Pursuant to the terms of the registration
rights agreement, if we are eligible to use a shelf registration statement, then a shareholder or group of shareholders holding
at least 10% of our outstanding common shares may request that we effect a shelf registration on similar terms as the demand registrations
described above, except that offerings will be conducted as underwritten takedowns. As of March 1, 2019 dievini Hopp BioTech holding
GmbH & Co KG and Varuma AG were our only shareholders party to the registration rights agreement holding at least 10% of our
outstanding commons shares, representing approximately 44.5% of the voting power of our common shares outstanding as of March 1,
2019. We will only be required to effect one public offering from such shelf registration statement within any six month period,
each of which shall be deemed to constitute a demand registration for purposes of the number of demand registrations we are required
to effect as described under “—Demand Registration Rights” above.
In August 2018, we filed a registration
statement on Form F-3 to register the resale of one of our shareholder’s common shares pursuant to the requirements of the
registration rights agreement.
Related Person Transaction Policy
Prior to our initial public offering, we
entered into a new related person transaction policy under which any such transaction must be approved or ratified by the audit
and finance committee.
In connection with our initial public offering,
we entered into indemnification agreements with our executive officers and directors. The indemnification agreements and our Articles
of Association require us to indemnify our executive officers and directors to the fullest extent permitted by law.
|C.||Interests of Experts and Counsel
ITEM 8. FINANCIAL INFORMATION
|A.||Consolidated statements and other financial information
See “Item 18. Financial Statements,”
which contains our financial statements prepared in accordance with IFRS.
From time to time we may become involved
in legal proceedings that arise in the ordinary course of business. During the period covered by the financial statements contained
herein, we have not been a party to or paid any damages in connection with litigation that has had a material adverse effect on
our financial position. No assurance can be given that future litigation will not have a material adverse effect on our financial
position. When appropriate in management’s estimation, we may record reserves in our financial statements for pending litigation
and other claims.
Dividends and Dividend Policy
We have never declared or paid cash dividends
on our capital stock. We intend to retain all available funds and any future earnings, if any, to fund the development and expansion
of our business and we do not anticipate paying any cash dividends in the foreseeable future. Any future determination related
to dividend policy will be made at the discretion of our board of directors.
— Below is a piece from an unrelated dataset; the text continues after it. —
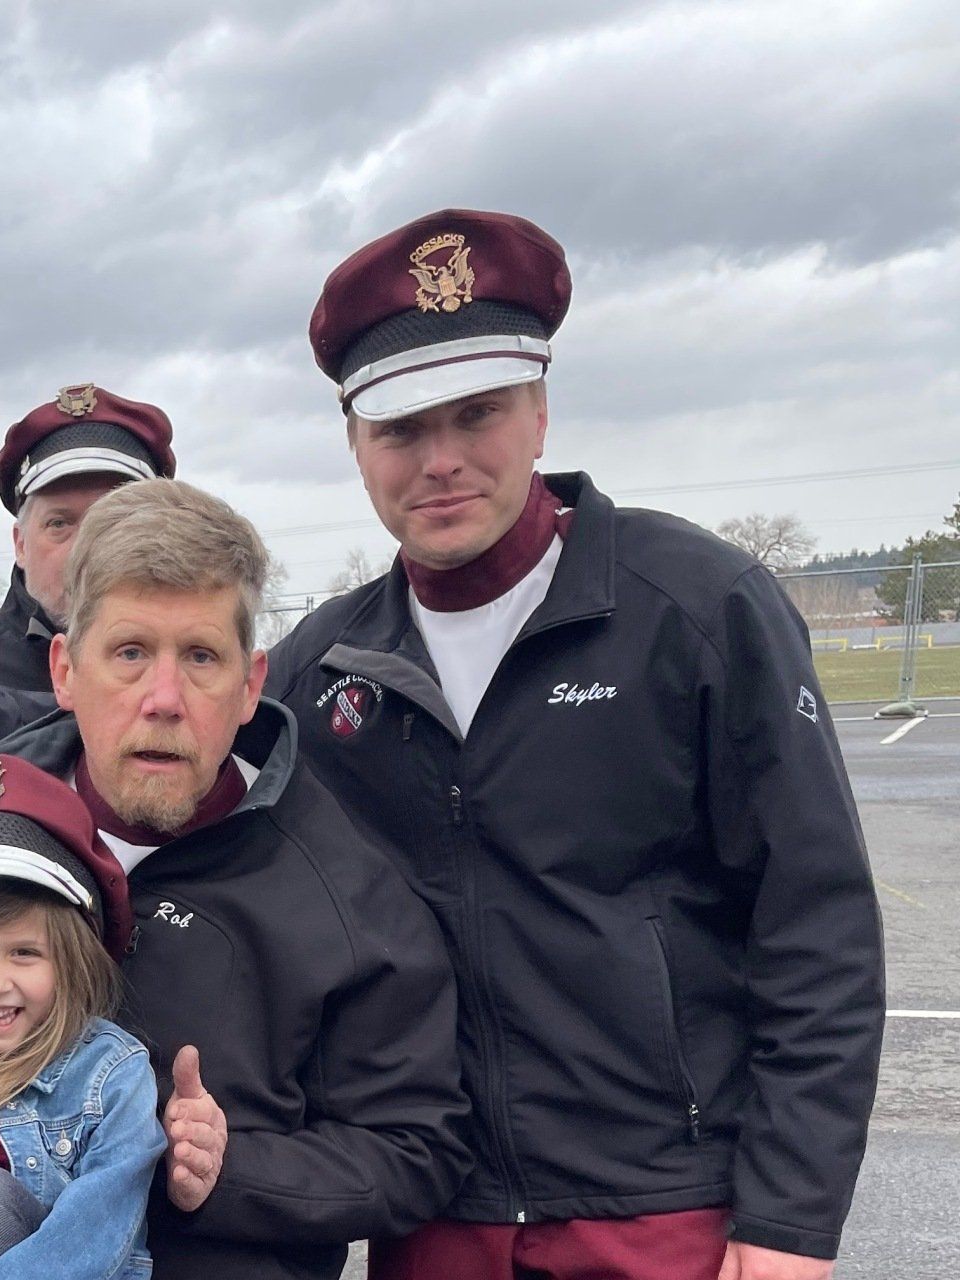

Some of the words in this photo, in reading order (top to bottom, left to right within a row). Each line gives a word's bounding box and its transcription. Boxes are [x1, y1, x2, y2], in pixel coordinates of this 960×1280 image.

[409, 234, 465, 263] COSSACKS
[316, 674, 351, 708] SEATTLE
[547, 682, 618, 707] Skyler
[153, 901, 194, 928] Rob
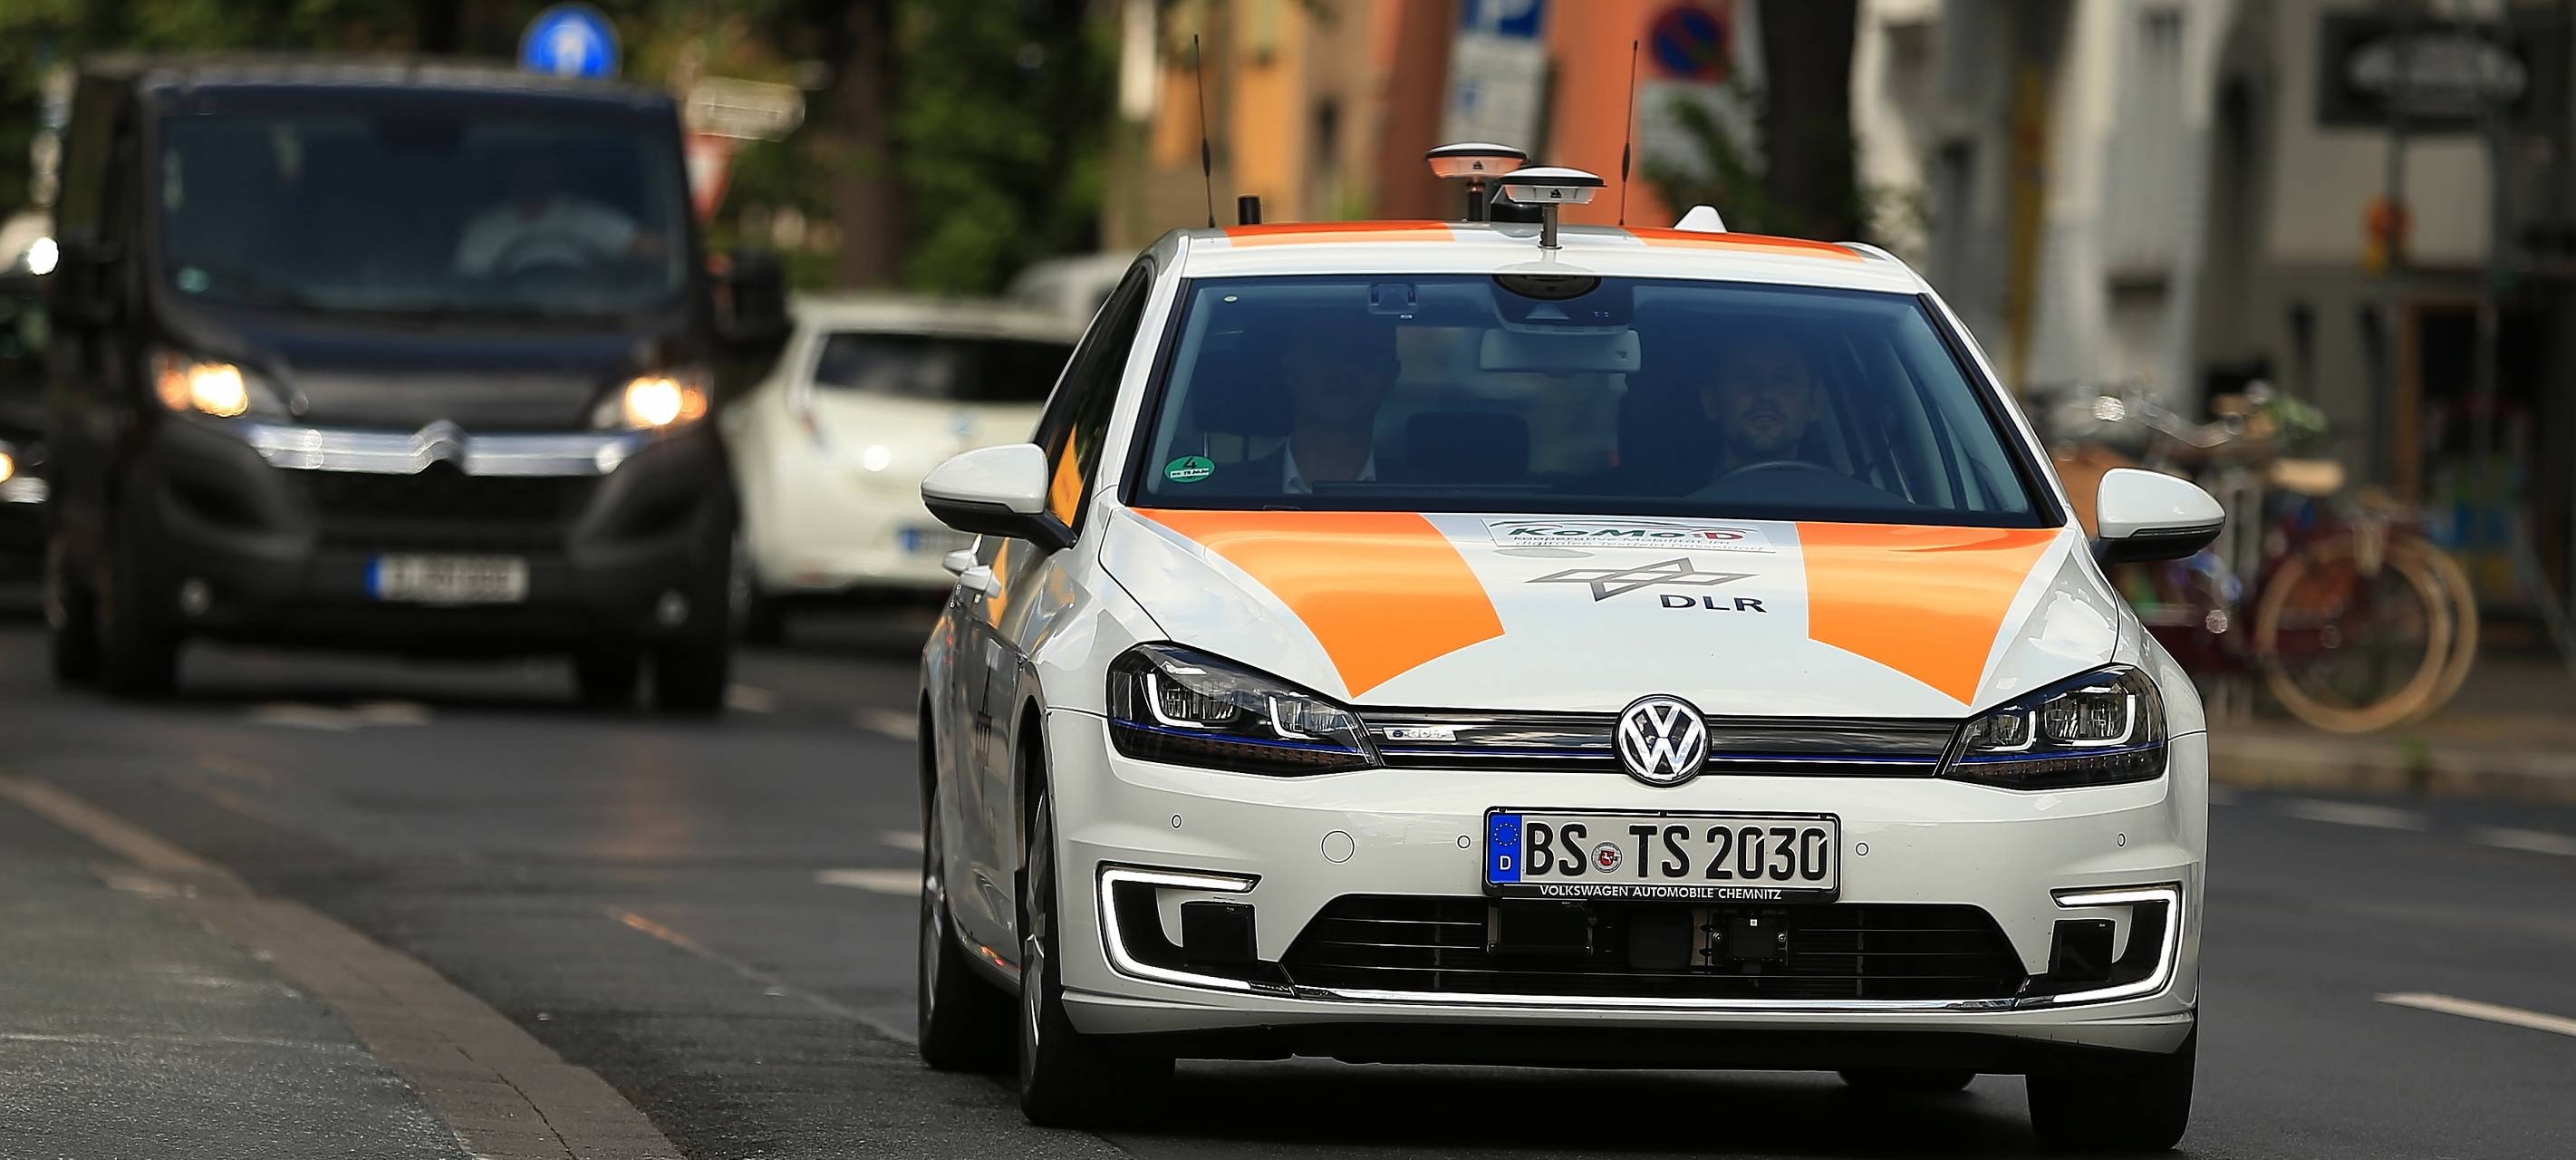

Under Swiss law, any dividend must be proposed
by our board of directors and approved by our shareholders. In addition, our auditors must confirm that the dividend proposal of
our board of directors conforms to Swiss statutory law and our articles of incorporation. A Swiss corporation may pay dividends
only if it has sufficient distributable profits brought forward from the previous business years (“report des bénéfices”)
or if it has distributable reserves (“réserves à libre disposition”), each as evidenced by its
audited standalone statutory balance sheet prepared pursuant to Swiss law and after allocations to reserves required by Swiss law
and its articles of association have been deducted. Distributable reserves are generally booked either as “free reserves”
(“réserves libres”) or as “reserve from capital contributions” (“apports de capital”).
Distributions out of nominal share capital, which is the aggregate nominal value of a corporation’s issued shares, may be
made only by way of a share capital reduction.